Their Sonoran Cheese Board features seasonal vegetables pickled with Borderlands Citrana Wild Ale (a sour beer) and traditional kosher-style pickling spices adapted from the Erman brothers family recipe.
Lastly, the Korean Ahi Poke Salad summer special features avocado, house kimchi, and cilantro served on a fried wonton. After months of meticulous adjustments and pH measurements, they’ve found the right ratio of kimchi ingredients for a balance of lactic acid tang and effervescence.
For more information, visit ermanosbrew.com.
While kombucha is often consumed for its supposed health benefits, it also tastes great. The local Fermented Tea Company harvests sooner than other kombucha producers, making its product slightly sweeter and less sour.
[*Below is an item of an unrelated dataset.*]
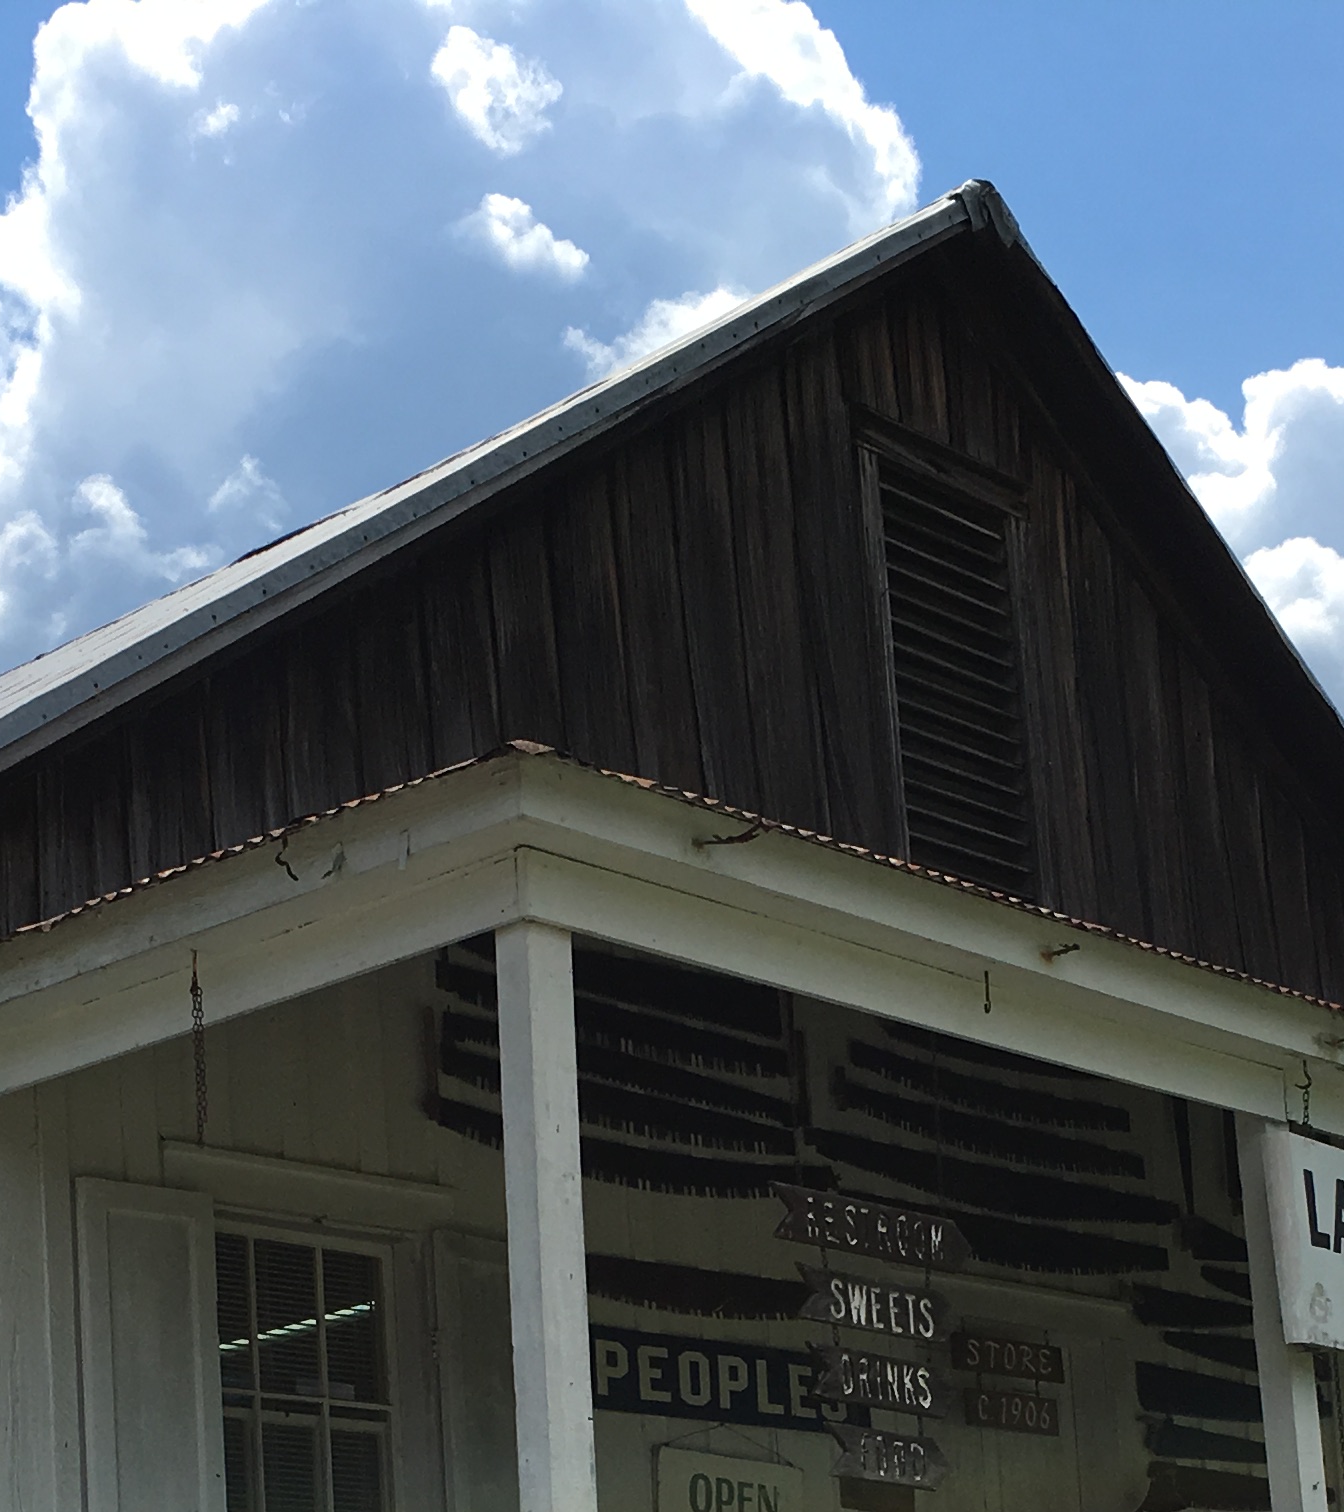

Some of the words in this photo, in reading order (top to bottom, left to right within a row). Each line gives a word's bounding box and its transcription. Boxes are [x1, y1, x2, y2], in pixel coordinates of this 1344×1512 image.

Additional carbonation is used at just the right time to halt the fermentation process, but those extra bubbles also makes the kombucha an interesting beverage mixer.
For more information, visit fermentedteacompany.com.
Even if you don’t like pickles, the fried pickles at Good Oak Bar might convert you. The combination of salty, spicy, and sour make a great snack before catching a show next door at the Rialto Theatre.
For more information, visit goodoakbar.com.
Kimchi is a must with Korean cuisine. You’ll find it cooked into entrees, as a garnish, or on the side. The spicy, funky version of kimchi with napa cabbage is most common, but the varieties are countless.
Delve into the world of kimchi with banchan, the small dishes that come to your table at the start of your meal at most Korean restaurants. Though the selection of banchan varies at Kimchi Time, you’ll often find bean sprout kimchi, radish kimchi, and cucumber kimchi.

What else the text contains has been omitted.